= EXERCISE OBJECTIVE =
Exclude the images and transcribe the entries below precisely.
MATERIAL FOR THE TASK Start Marker
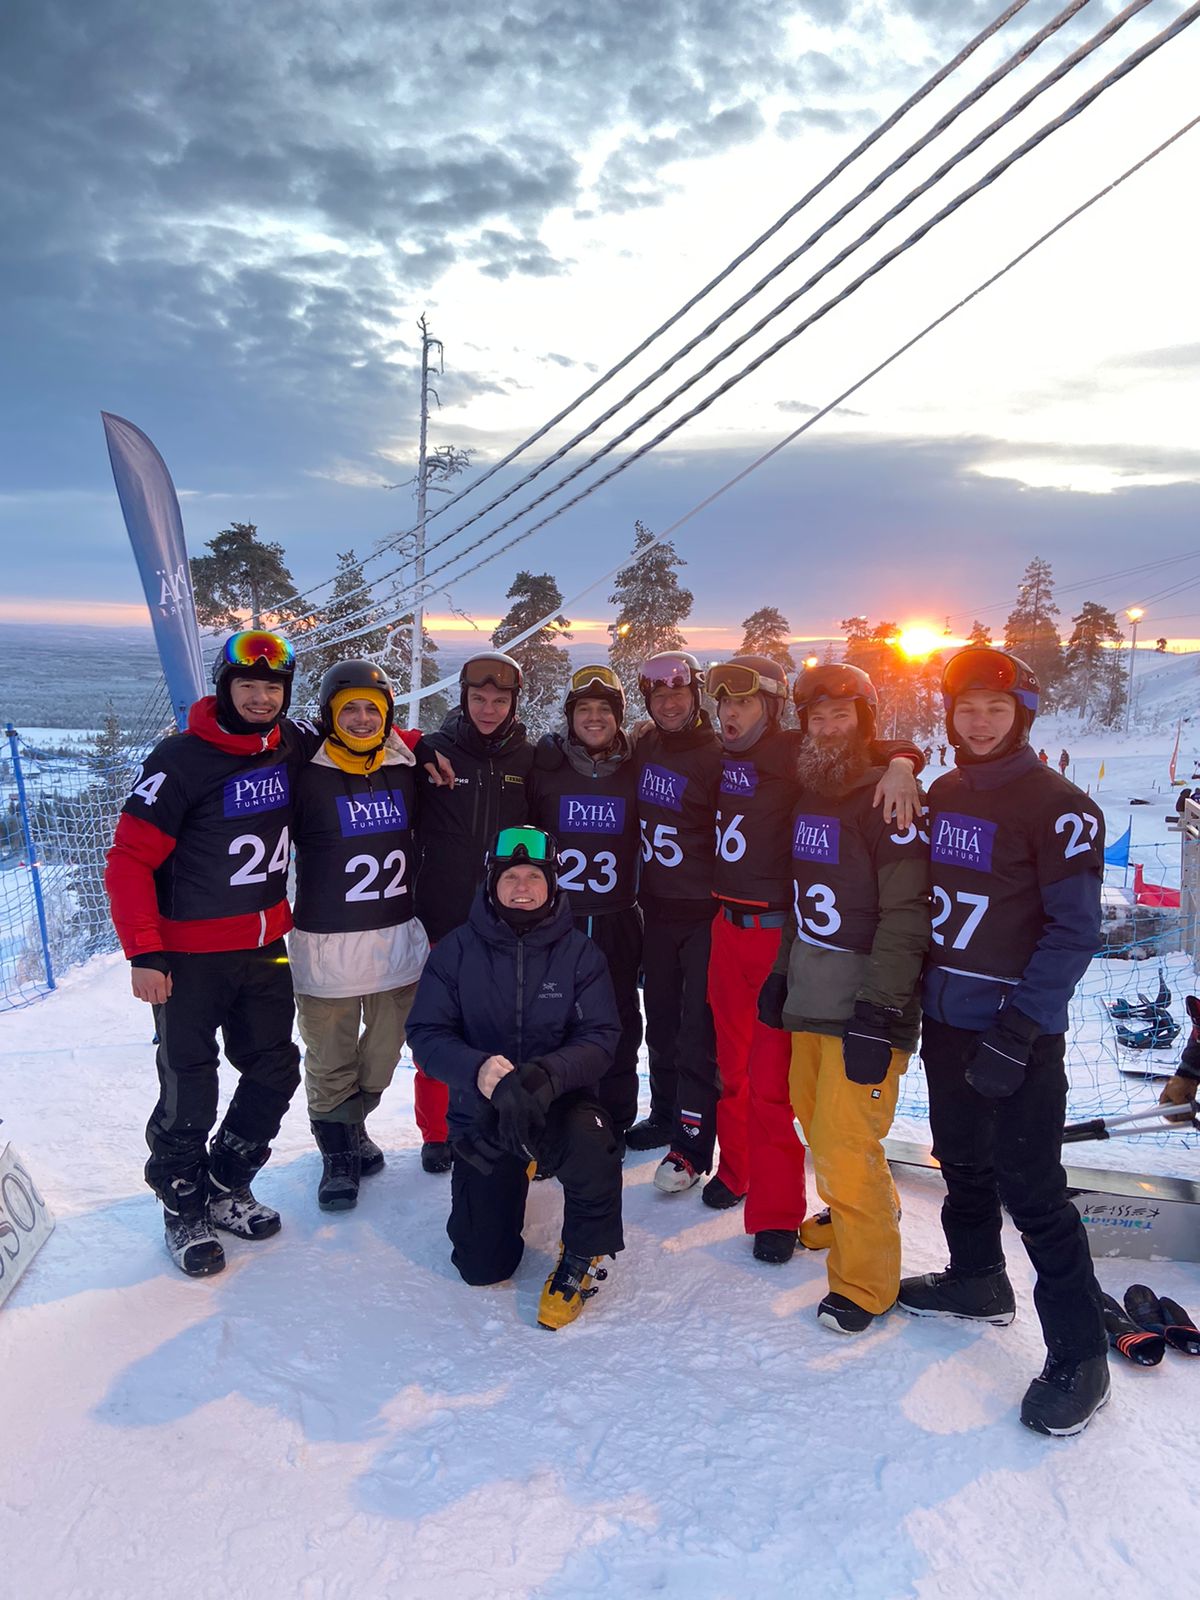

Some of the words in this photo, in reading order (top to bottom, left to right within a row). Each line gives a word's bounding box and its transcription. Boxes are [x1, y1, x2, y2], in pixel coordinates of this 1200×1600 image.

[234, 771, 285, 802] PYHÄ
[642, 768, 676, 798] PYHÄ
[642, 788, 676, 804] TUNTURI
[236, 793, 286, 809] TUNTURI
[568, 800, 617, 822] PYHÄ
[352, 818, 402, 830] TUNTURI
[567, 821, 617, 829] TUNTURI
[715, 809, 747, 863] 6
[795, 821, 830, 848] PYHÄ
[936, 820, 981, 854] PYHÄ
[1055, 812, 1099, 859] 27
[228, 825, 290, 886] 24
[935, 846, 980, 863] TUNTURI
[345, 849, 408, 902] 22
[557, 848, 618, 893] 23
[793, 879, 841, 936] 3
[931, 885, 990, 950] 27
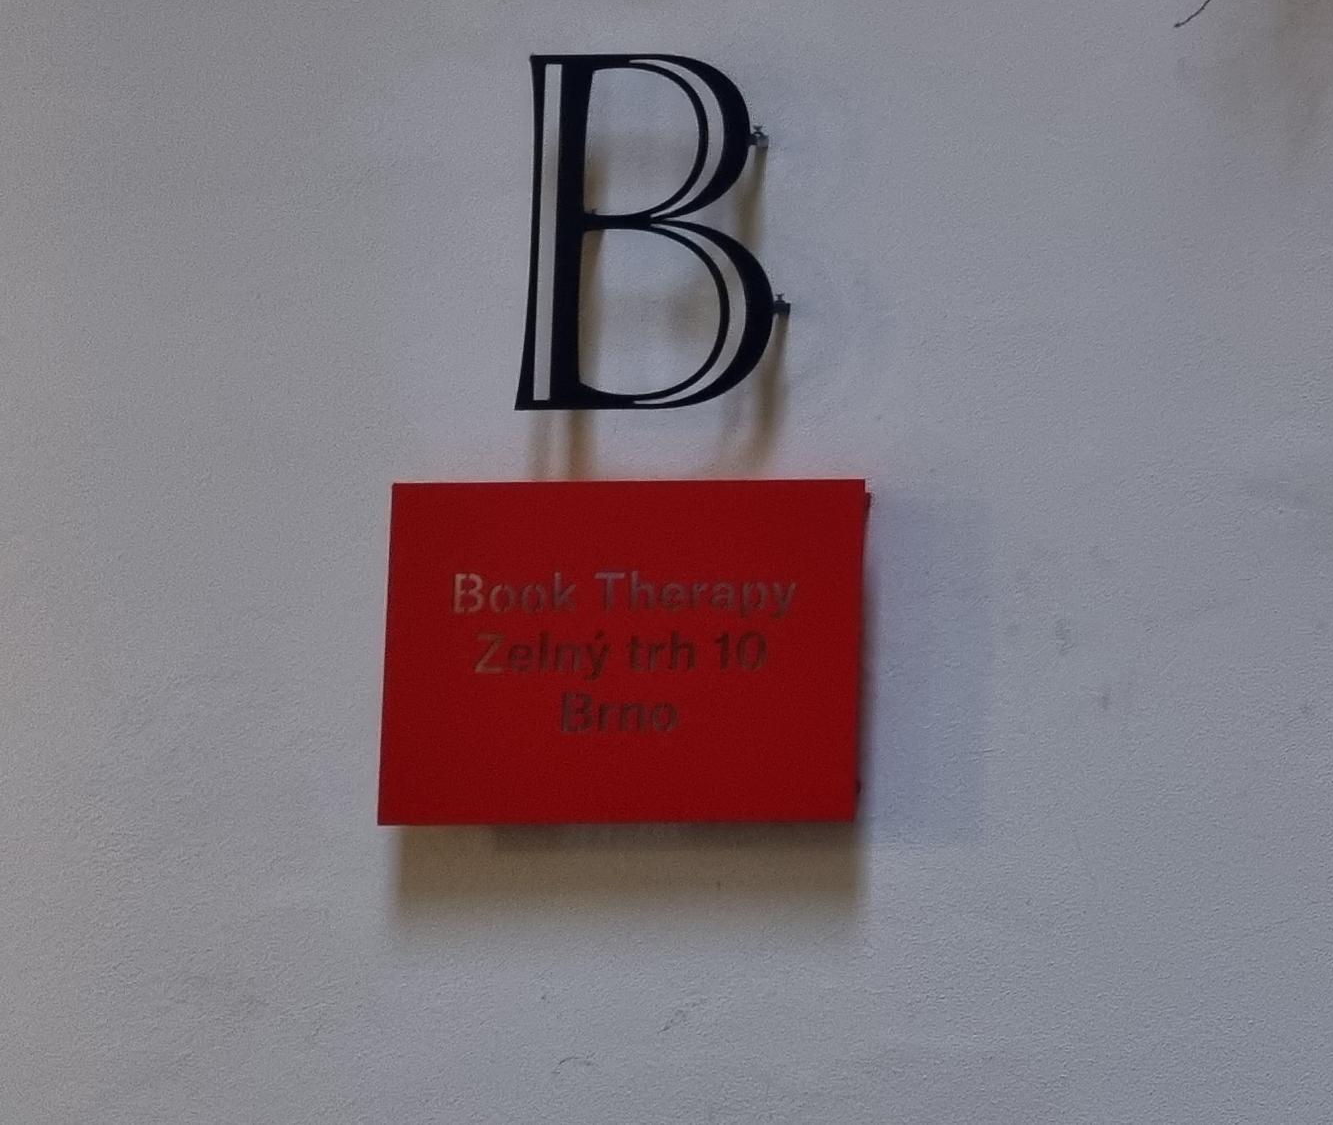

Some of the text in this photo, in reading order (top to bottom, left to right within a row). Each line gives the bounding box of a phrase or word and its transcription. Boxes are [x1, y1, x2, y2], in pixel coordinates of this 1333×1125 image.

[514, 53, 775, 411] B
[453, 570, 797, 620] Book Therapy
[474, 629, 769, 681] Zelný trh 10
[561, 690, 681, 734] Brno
MATERIAL FOR THE TASK End Marker
= EXERCISE OUTPUT =
Some of the words in this photo, in reading order (top to bottom, left to right within a row). Each line gives a word's bounding box and its transcription. Boxes are [x1, y1, x2, y2], in pixel coordinates of this 1200×1600 image.

[234, 771, 285, 802] PYHÄ
[642, 768, 676, 798] PYHÄ
[642, 788, 676, 804] TUNTURI
[236, 793, 286, 809] TUNTURI
[568, 800, 617, 822] PYHÄ
[352, 818, 402, 830] TUNTURI
[567, 821, 617, 829] TUNTURI
[715, 809, 747, 863] 6
[795, 821, 830, 848] PYHÄ
[936, 820, 981, 854] PYHÄ
[1055, 812, 1099, 859] 27
[228, 825, 290, 886] 24
[935, 846, 980, 863] TUNTURI
[345, 849, 408, 902] 22
[557, 848, 618, 893] 23
[793, 879, 841, 936] 3
[931, 885, 990, 950] 27

Some of the text in this photo, in reading order (top to bottom, left to right within a row). Each line gives the bounding box of a phrase or word and its transcription. Boxes are [x1, y1, x2, y2], in pixel coordinates of this 1333×1125 image.

[514, 53, 775, 411] B
[453, 570, 797, 620] Book Therapy
[474, 629, 769, 681] Zelný trh 10
[561, 690, 681, 734] Brno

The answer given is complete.